Seminário Nazareno em Moçambique
30 November 2013
Opening remarks
Rev Margarida Langa, Rev José Moiane, members of the Board of Trustees, members of the administration and faculty, District Superintendents, Pastors, members of the Class of 2013, distinguished parents, friends and guests, all protocols observed –
It is my honor today to greet you in the strong name of Jesus Christ, our Lord and Saviour. I am also happy to bring you greetings from Dr Filimao Chambo, Regional Director of the Church of the Nazarene, Africa Region.
We come together on this grand occasion to honor the hard work of our graduates. Our congratulations go to them and to their families. Graduates, you have persisted through a rigorous course of study. Despite temptations to quit, despite moments of discouragement, you stayed in the race. Today, you cross the finish line, and we salute you.
I. Introduction: The Optimism of Grace
You are heading into a lifetime of professional ministry. Even as you officially launch into that sacred vocation, storm clouds are gathering. Jesus said in Matthew 24 that we will hear of wars and rumors of wars, and today we hear war drums in Mozambique that beat ever more loudly. At such a time when fear threatens to paralyze us, what word of comfort would God have His children hear?
The shadow of the cross fell ever more darkly across the little band of disciples gathered in the Upper Room. According to John 14:27, Jesus comforted his disciples: “Peace I leave with you; my peace I give you. I do not give to you as the world gives. Do not let your hearts be troubled and do not be afraid” (NIV).

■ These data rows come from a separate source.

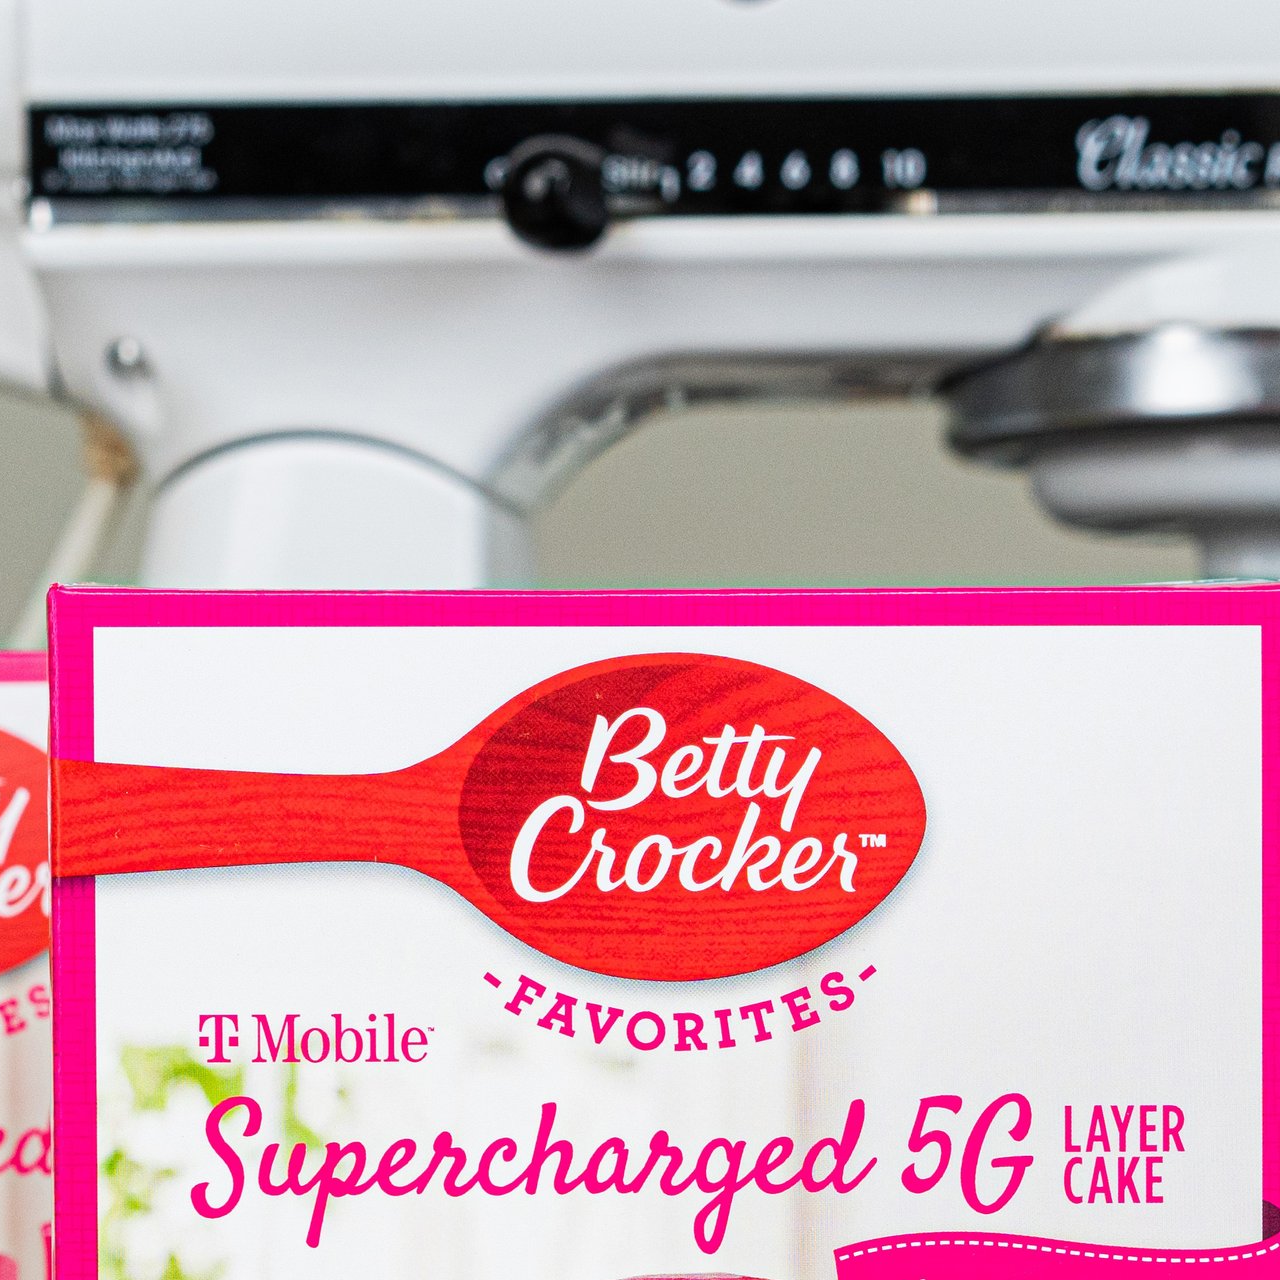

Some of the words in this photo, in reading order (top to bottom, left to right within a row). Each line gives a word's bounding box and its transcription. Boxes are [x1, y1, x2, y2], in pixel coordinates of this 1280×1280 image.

[687, 150, 717, 191] 2
[733, 149, 764, 190] 4
[780, 149, 811, 190] 6
[829, 148, 859, 190] 8
[882, 148, 927, 189] 10
[1077, 114, 1264, 191] Classic
[580, 707, 822, 832] Betty
[1064, 1105, 1186, 1152] LAYER
[191, 1095, 878, 1254] Supercharged
[901, 1092, 1034, 1215] 5G
[1064, 1156, 1164, 1204] CAKE

Today, instead of sipping from the poisonous cup of fear, let us drink deeply from the cup of Christian faith. As followers of Christ who belong to the Nazarene family, we know that the holiness message we preach is the hope for Mozambique, for Africa, and for the world. What is this message? It is the optimism of grace. Let us reflect this morning on that optimistic grace in three commands:
1) Let God’s grace transform you.
2) Let God’s grace transform the church.
3) Let God’s grace transform society.
II. Let God’s grace transform you.
Let us talk about the first command: Let God’s grace transform you. In theological terms, we call this work of God in the human heart sanctification. It is the cleansing work of the Holy Spirit that begins when we ask God to forgive us our sins. When we ask divine help in abandoning our sinful ways, God adopts us into heaven’s family. The transformation of our whole outlook on life is remarkable! The sinful things that once attracted us seem cheap and ugly. Now we hunger for the deep things of God. The Apostle Paul put it this way in 2 Corinthians 5:17 – “Therefore, if anyone is in Christ, the new creation has come: The old has gone, the new is here!”
Sometimes we focus on radical conversion stories, on individuals who knew nothing of God or the church yet who came later in life to faith in Christ. We rejoice in those stories, and give God the praise. Yet sometimes we forget that God’s grace is active just as much in the child who grows up in the church. But here we must be careful. We are not interested in just having good, moral children. We must introduce them at a young age to Jesus Christ so that they, too, will come to know Him in a life-changing way. We must not assume that just because a child attends church and has done so all of her life that she has a firsthand experience of the saving power of God. We can show the Jesus film all over town to strangers, go door-to-door evangelizing yet neglect to ask our own children: “Would you like to follow Jesus?” Our invitation to one and all – outside the church and inside – is to follow Christ.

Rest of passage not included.